October 6, 2020 - October 27, 2020
Language: English

Course information

In this T-shaped course you will be introduced to computational learning theory and get a glimpse of other research towards a theory of artificial intelligence. "T-shaped" means that on the one hand we will concentrate on different learning models in depth, on the other hand we want to give a broad overview and invite experts from other AI projects to show what else can be done in AI.

The focus is on learning from informant, a formal model for binary classification, for example by a support vector machine. Illustrating examples are linear separators and other uniformly decidable sets of formal languages. Due to results by Gold the learning process can be assumed consistent. Another legitimate assumption is performing mind-changes only when observing an inconsistency.

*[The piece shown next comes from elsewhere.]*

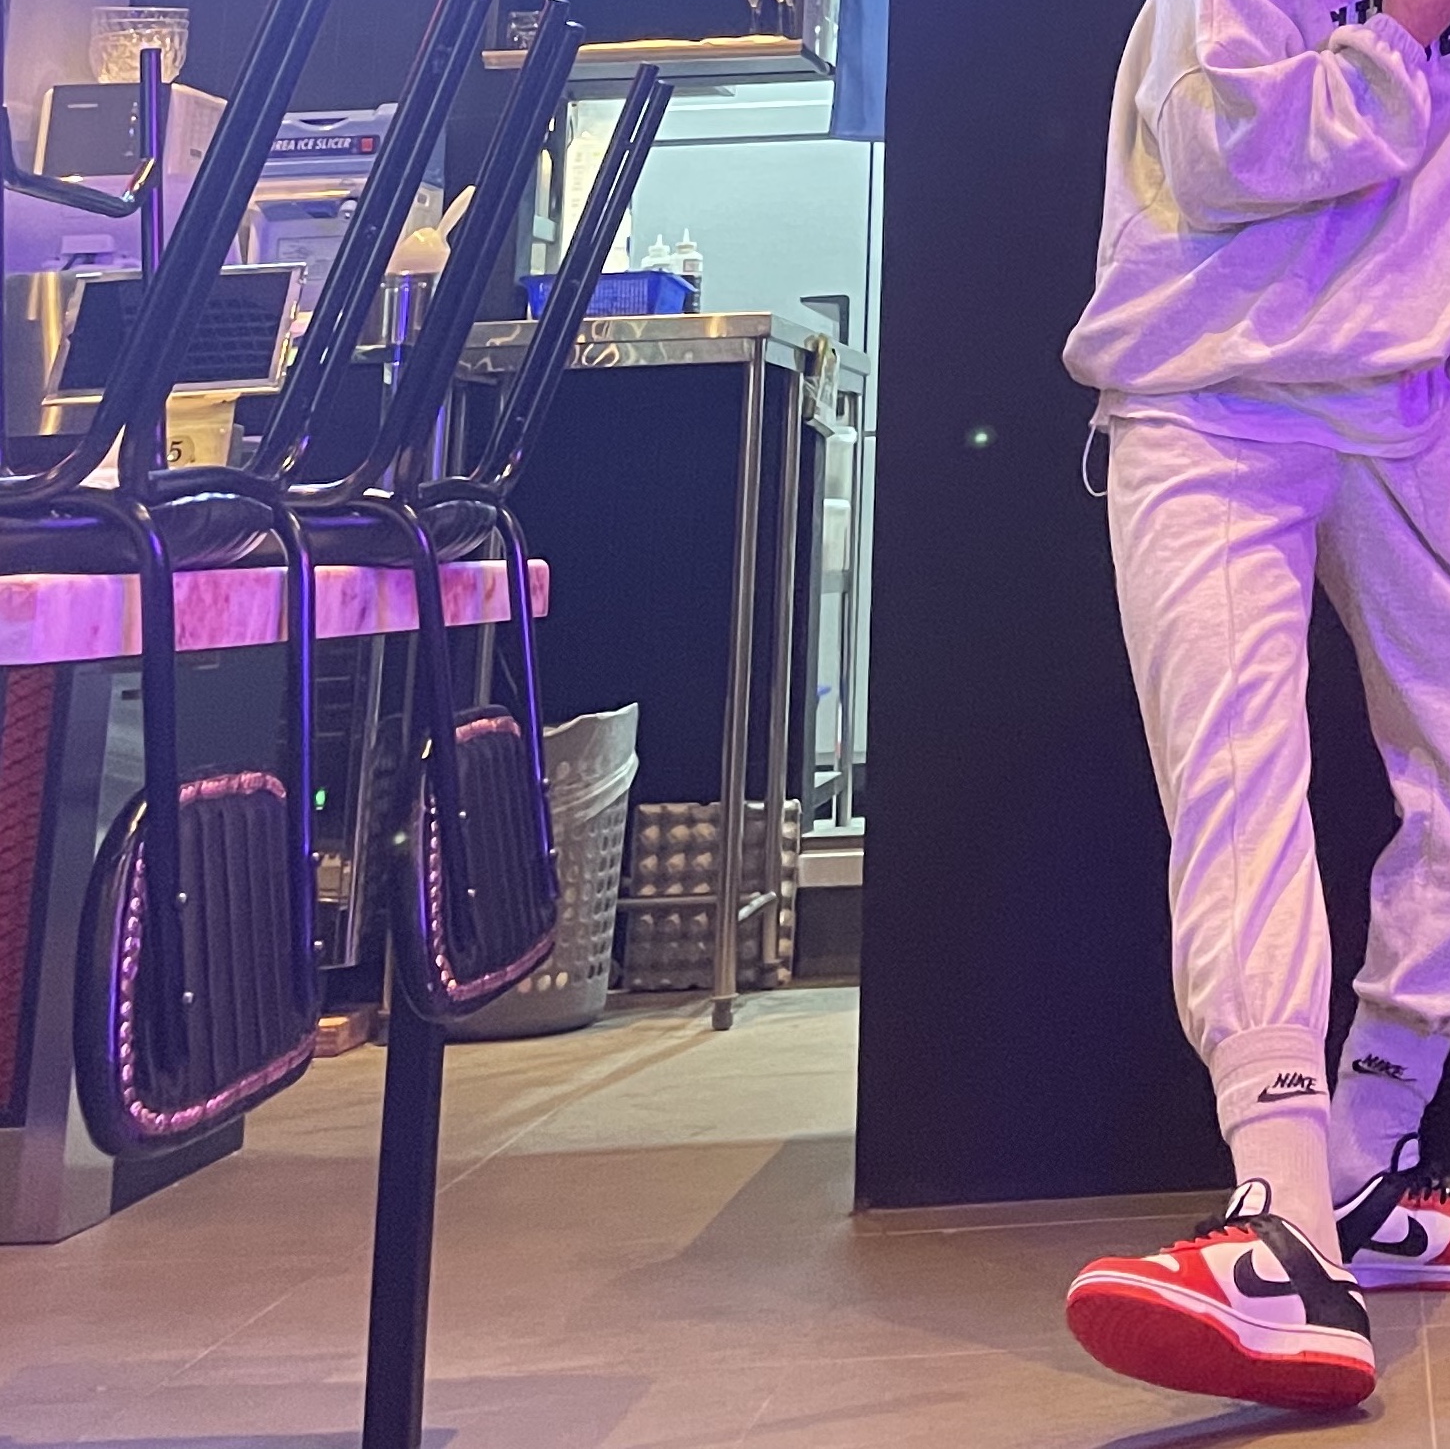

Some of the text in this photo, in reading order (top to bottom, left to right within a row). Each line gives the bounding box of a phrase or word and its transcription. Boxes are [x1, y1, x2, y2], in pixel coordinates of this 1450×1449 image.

[271, 137, 352, 151] REA ICE SLICER
[1361, 1053, 1408, 1079] NIKE
[1272, 1071, 1317, 1091] NIKE

After the proofs of the latter observations, the model is adjusted towards the setting of deep learning. This incremental model has less learning power than the full-information variant by a fundamental proof technique due to Blum and Blum. You will apply this technique to separate consistency. Finally, we outline why this model suggests to design incremental learning algorithms that update their currently hypothesized classifier, even though it is consistent with the observed datum.

Beyond these models, you will get digestible insights into other approaches towards a theory of AI. These include stable matchings, evolutionary algorithms, fair clustering, game theory, low-dimensional embeddings, submodular optimization and 3-satisfiability.
Further, more models in computational learning theory are being discussed.

Course characteristics:

  • Language: English
  • Starting from: October 6, 2020
  • Course end: October 27, 2020
  • Duration: 2 weeks + 1 examination week
  • Course requirements: familiarity with mathematical notation (basic studies at the university)

Target audience

  • everyone who is interested in models of AI and like mathematical accuracy/evidence
  • students who follow mathematics lectures (e.g. mathematics, physics, computer science, cognitive science/systems, computational linguistics)
  • (hobby) scientists who have already come into contact with formal mathematics (definitions and proofs)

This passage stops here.